Harriot

From Britannica 11th Edition (1911)

Harriot, or Harriott, THOMAS (1560-1621), English mathematician and astronomer, was born at Oxford in 1560. After studying at St Mary Hall, Oxford, he became tutor to Sir Walter Raleigh, who appointed him in 1585 to the office of geographer to the second expedition to Virginia. Harriot published an account of this expedition in 1588, which was afterwards reprinted in Hakluyt’s Voyages. On his return to England, after an absence of two years, he resumed his mathematical studies, and having made the acquaintance of Henry Percy, earl of Northumberland, distinguished for his patronage of men of science, he received from him a yearly pension of £120. He died at London on the 2nd of July 1621. A manuscript of Harriot’s entitled Ephemeris chrysometria is preserved in Sion College; and his Artis analyticae praxis ad aequaliones algebraicas resolvendas was published at London in 1631. His contributions to algebra are treated in the article Algebra; Wallis’s History of Algebra (1685) may also be consulted.
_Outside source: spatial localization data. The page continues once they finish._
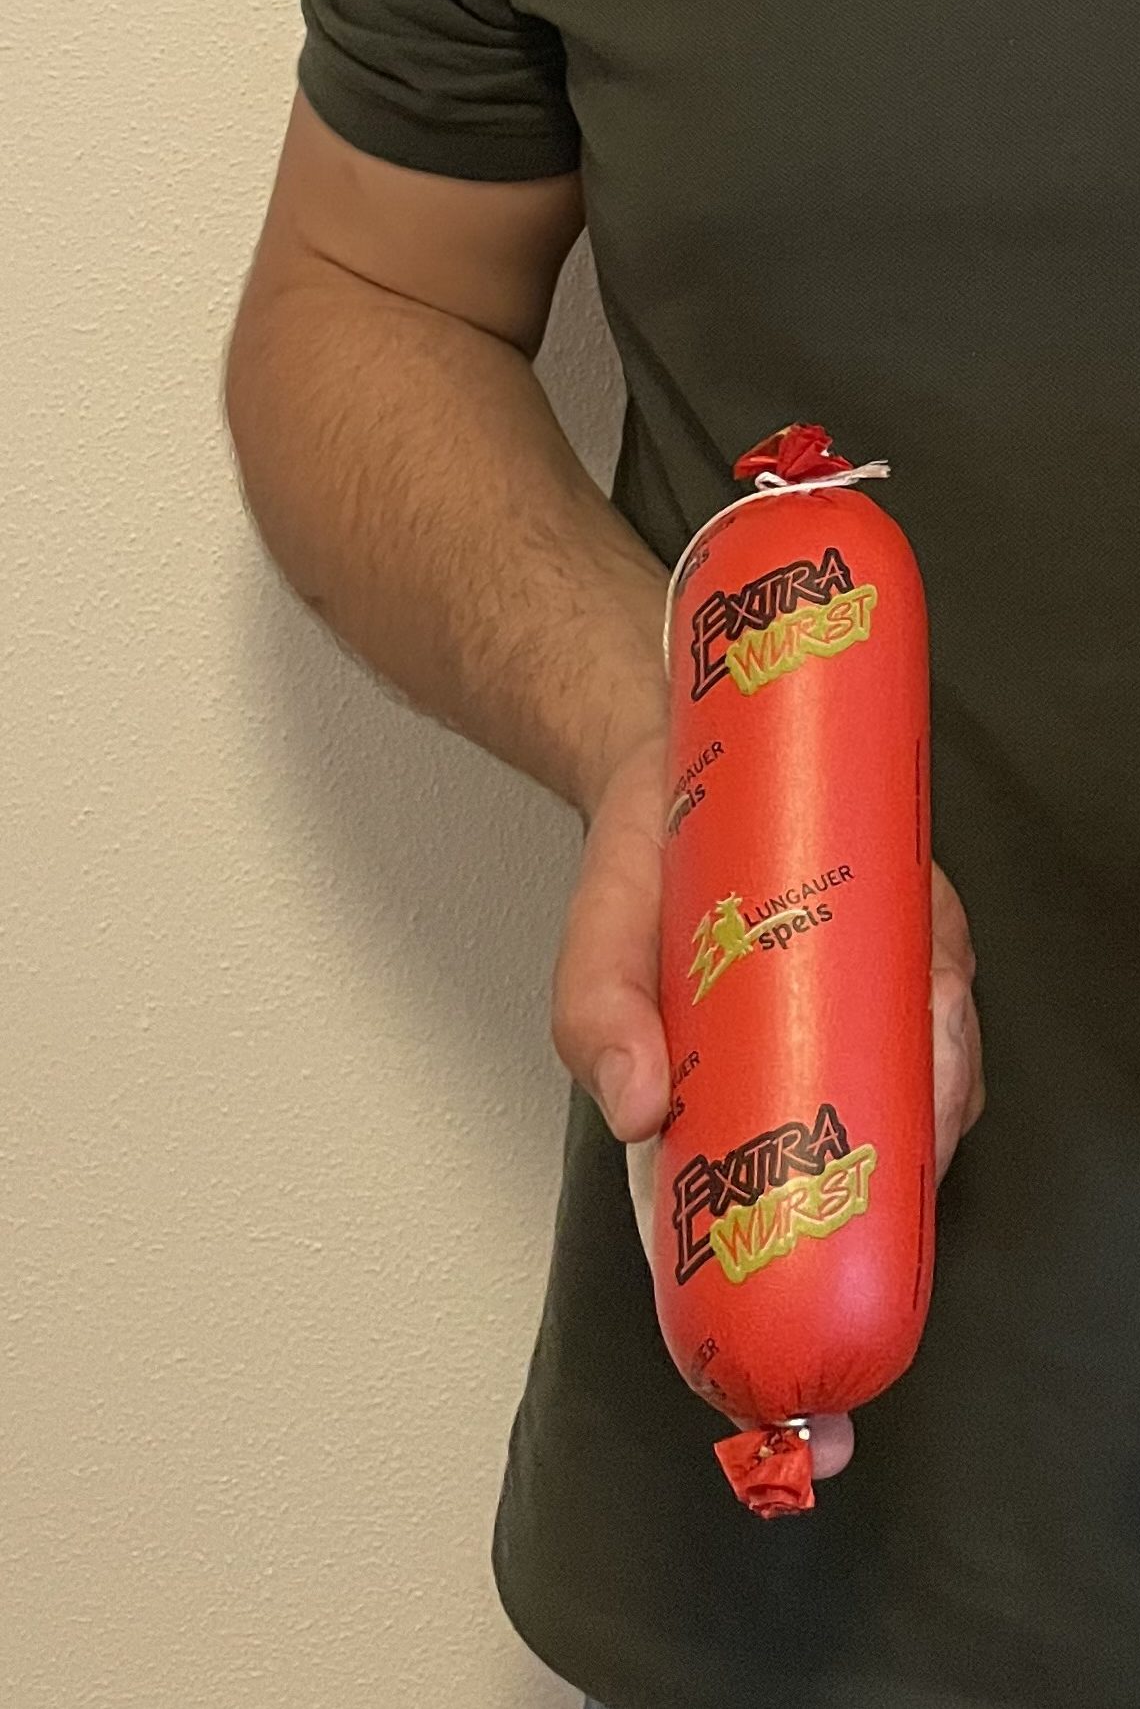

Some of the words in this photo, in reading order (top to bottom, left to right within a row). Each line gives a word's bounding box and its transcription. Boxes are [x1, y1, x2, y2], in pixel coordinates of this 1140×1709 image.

[690, 547, 853, 701] EXTRA
[725, 584, 877, 696] WURST
[744, 865, 855, 927] LUNGAUER
[758, 903, 833, 950] speis
[672, 1104, 850, 1285] EXTRA
[709, 1144, 877, 1284] WURST
From some papers of Harriot’s, discovered in 1784, it would appear that he had either procured a telescope from Holland, or divined the construction of that instrument, and that he coincided in point of time with Galileo in discovering the spots on the sun’s disk.

See Charles Hutton, Mathematical and Philosophical Dictionary (1815), and J. E. Montucla, Histoire des mathématiques (1758).